Lochiel had no sooner consented to raise his men, and to join the standard of rebellion, than letters were issued by Charles from Boradale, acquainting the chiefs that the said standard was to be unfurled at Glenfinnin, on the nineteenth of August, and requiring their presence on the occasion, or as soon after as possible.
In the meantime reports of what was going on among the clans were various and manifold, and the governor of Fort Augustus thought it prudent to send two companies to re-enforce the garrison of Fort William. These two companies, under the command of captain John Scott, afterwards general Scott, left Fort Augustus early on the morning of the sixteenth, and were approaching High Bridge, which is built over the water of Spean, within eight miles of Fort William, when they were saluted with the noisy music of the bagpipe, and observed a number of Highlanders on the other side of the bridge, leaping about with swords and firelocks.

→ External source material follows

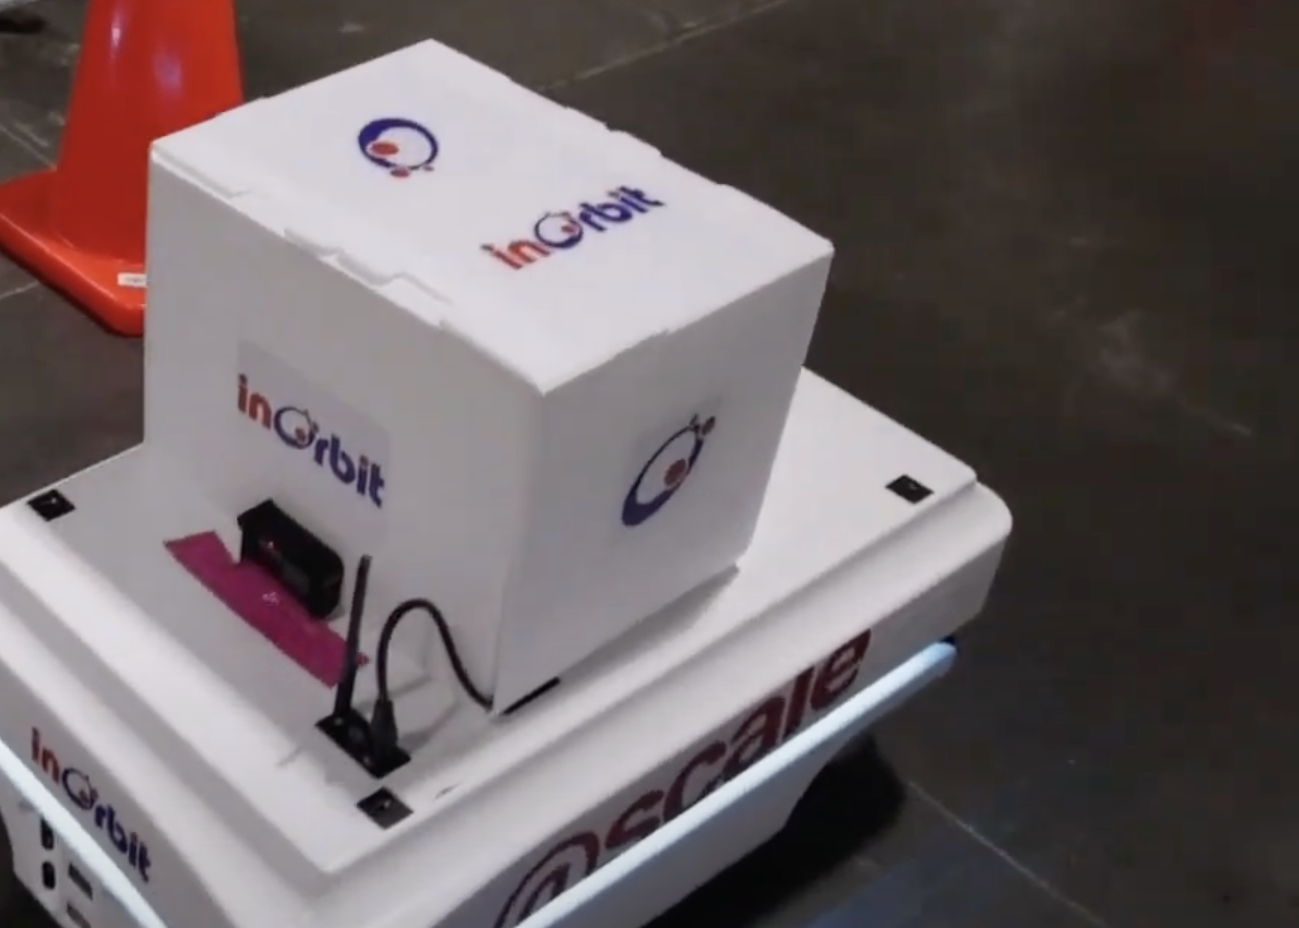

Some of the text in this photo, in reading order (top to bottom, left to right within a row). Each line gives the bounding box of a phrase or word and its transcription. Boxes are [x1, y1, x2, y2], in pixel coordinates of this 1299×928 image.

Ordering a sergeant, with his own servant forward, to learn who they were, the captain made a halt, when two Highlanders darted out upon his messengers, seized them, and carried them to the party beyond the bridge. Ignorant of the number of his enemies, and knowing that he was in a part of the country where the inhabitants were, to a man, disaffected, he thought it more prudent to retreat than to commence hostilities.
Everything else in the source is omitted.